**Collected data**
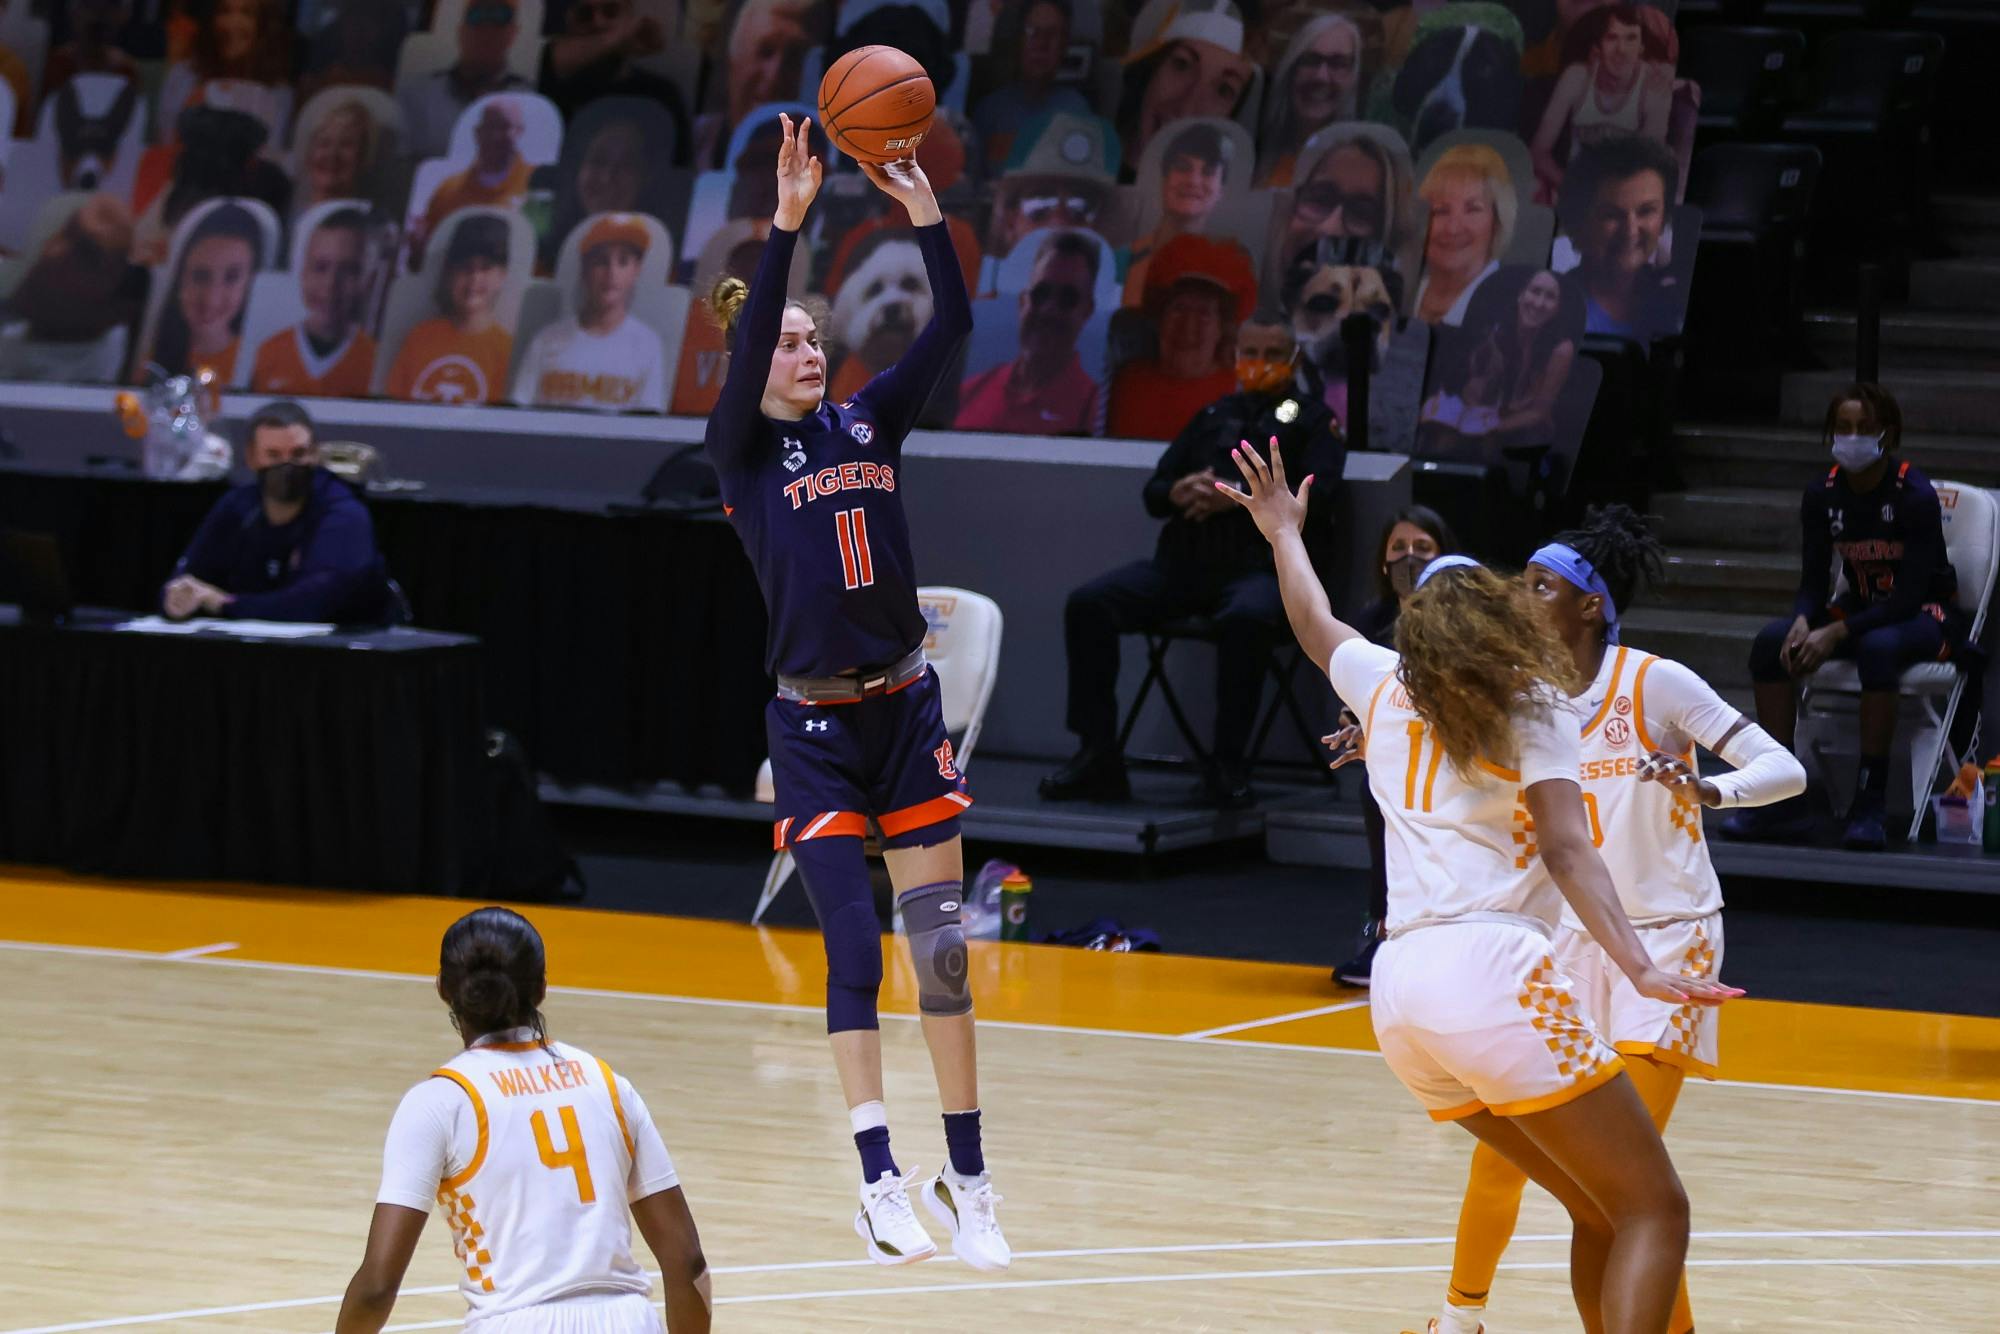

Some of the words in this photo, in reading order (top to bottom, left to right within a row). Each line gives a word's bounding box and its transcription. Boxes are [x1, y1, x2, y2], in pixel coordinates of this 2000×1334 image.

[783, 461, 896, 510] TIGERS
[835, 507, 875, 590] 11
[1405, 721, 1445, 813] 11
[489, 1060, 589, 1098] WALKER
[530, 1105, 597, 1204] 4
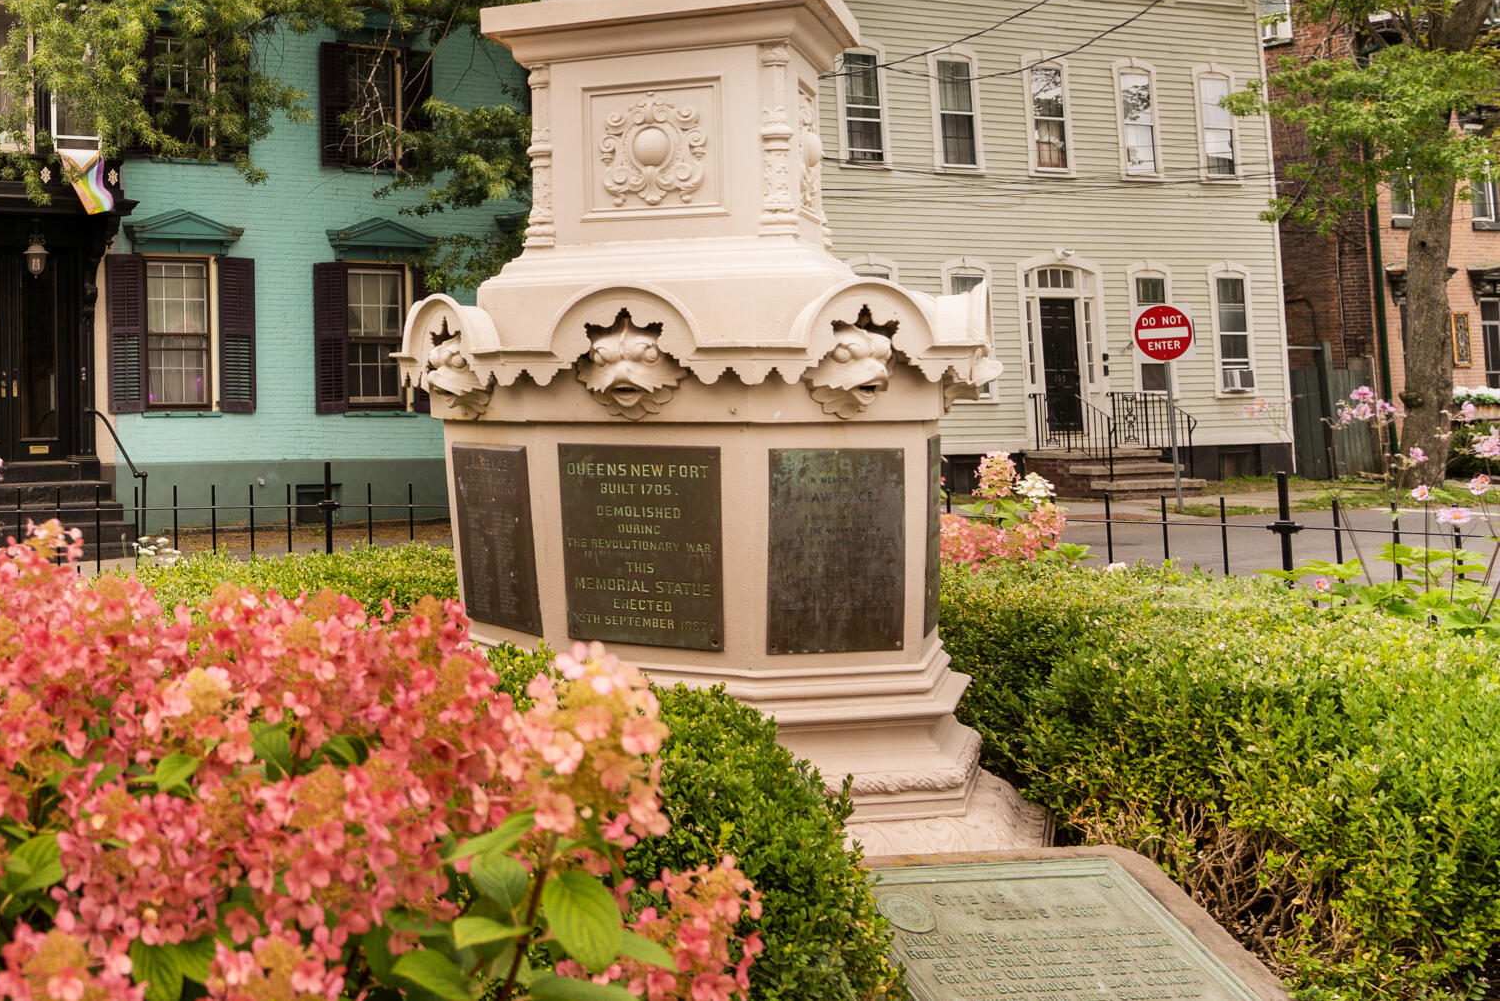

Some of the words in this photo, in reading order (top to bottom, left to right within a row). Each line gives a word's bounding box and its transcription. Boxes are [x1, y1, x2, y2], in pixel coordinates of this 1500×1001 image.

**ASSIGNED TASK**
Exact reproduction of the entries above is required, with pictures excluded.

**RESULT**
Some of the words in this photo, in reading order (top to bottom, left to right within a row). Each line gives a word's bounding box and its transcription. Boxes are [x1, y1, x2, y2], in pixel coordinates of this 2000×1334 image.

[783, 461, 896, 510] TIGERS
[835, 507, 875, 590] 11
[1405, 721, 1445, 813] 11
[489, 1060, 589, 1098] WALKER
[530, 1105, 597, 1204] 4

Some of the words in this photo, in reading order (top to bottom, left to right within a row). Each line gives a word's bounding box and its transcription. Boxes are [x1, y1, x2, y2], in pixel coordinates of this 1500×1001 image.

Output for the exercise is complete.